__Exercise details__:
Where an entry below contains an image, skip the image and reproduce the rest exactly.

══ Source information

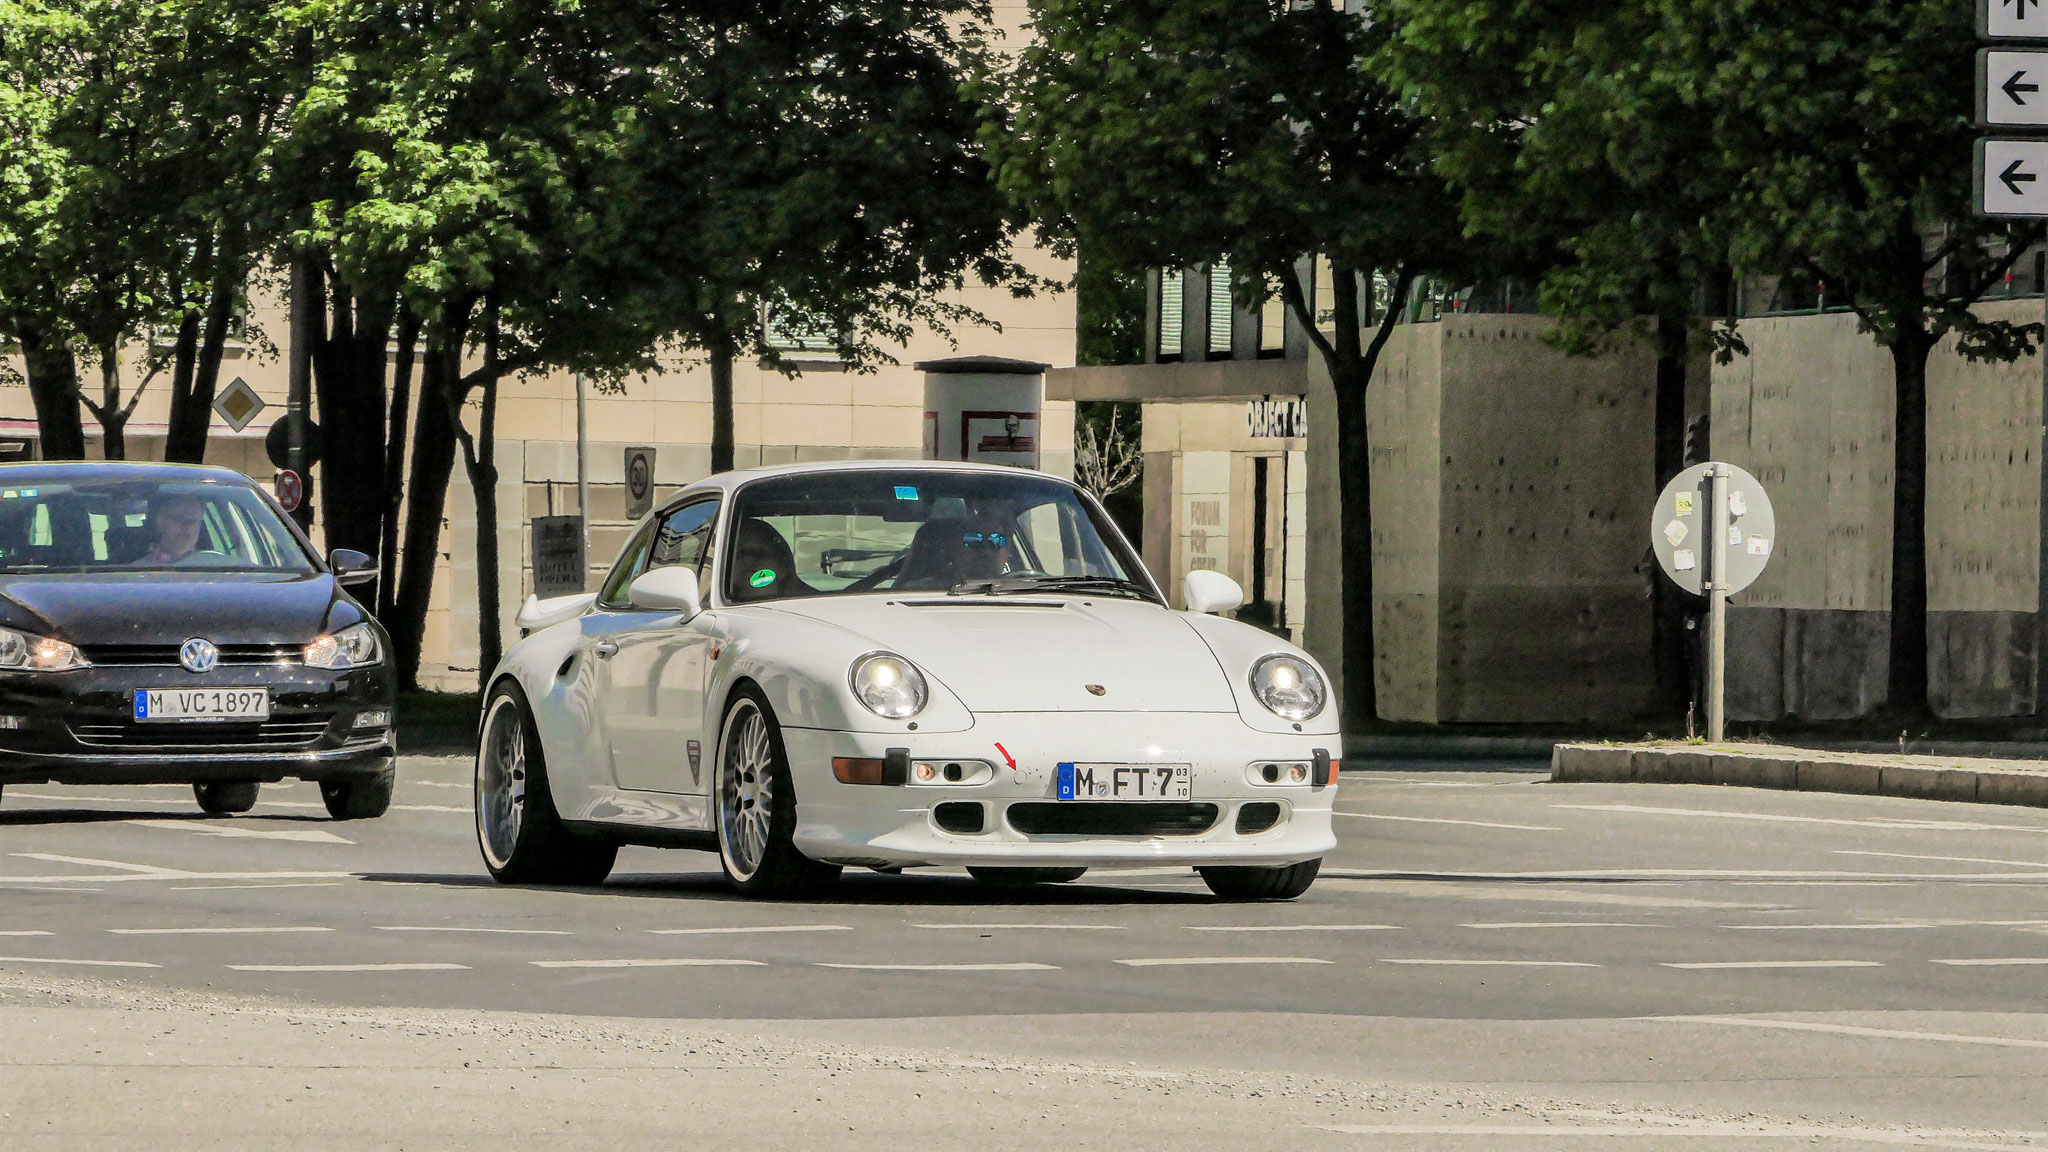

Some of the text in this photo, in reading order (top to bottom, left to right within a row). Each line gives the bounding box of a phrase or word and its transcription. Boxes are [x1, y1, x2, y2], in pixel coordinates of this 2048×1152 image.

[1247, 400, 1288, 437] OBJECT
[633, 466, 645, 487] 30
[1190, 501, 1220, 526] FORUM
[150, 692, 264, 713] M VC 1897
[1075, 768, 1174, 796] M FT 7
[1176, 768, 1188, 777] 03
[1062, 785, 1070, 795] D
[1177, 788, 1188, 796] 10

════

__Result of this task__:
Some of the text in this photo, in reading order (top to bottom, left to right within a row). Each line gives the bounding box of a phrase or word and its transcription. Boxes are [x1, y1, x2, y2], in pixel coordinates of this 2048×1152 image.

[1247, 400, 1288, 437] OBJECT
[633, 466, 645, 487] 30
[1190, 501, 1220, 526] FORUM
[150, 692, 264, 713] M VC 1897
[1075, 768, 1174, 796] M FT 7
[1176, 768, 1188, 777] 03
[1062, 785, 1070, 795] D
[1177, 788, 1188, 796] 10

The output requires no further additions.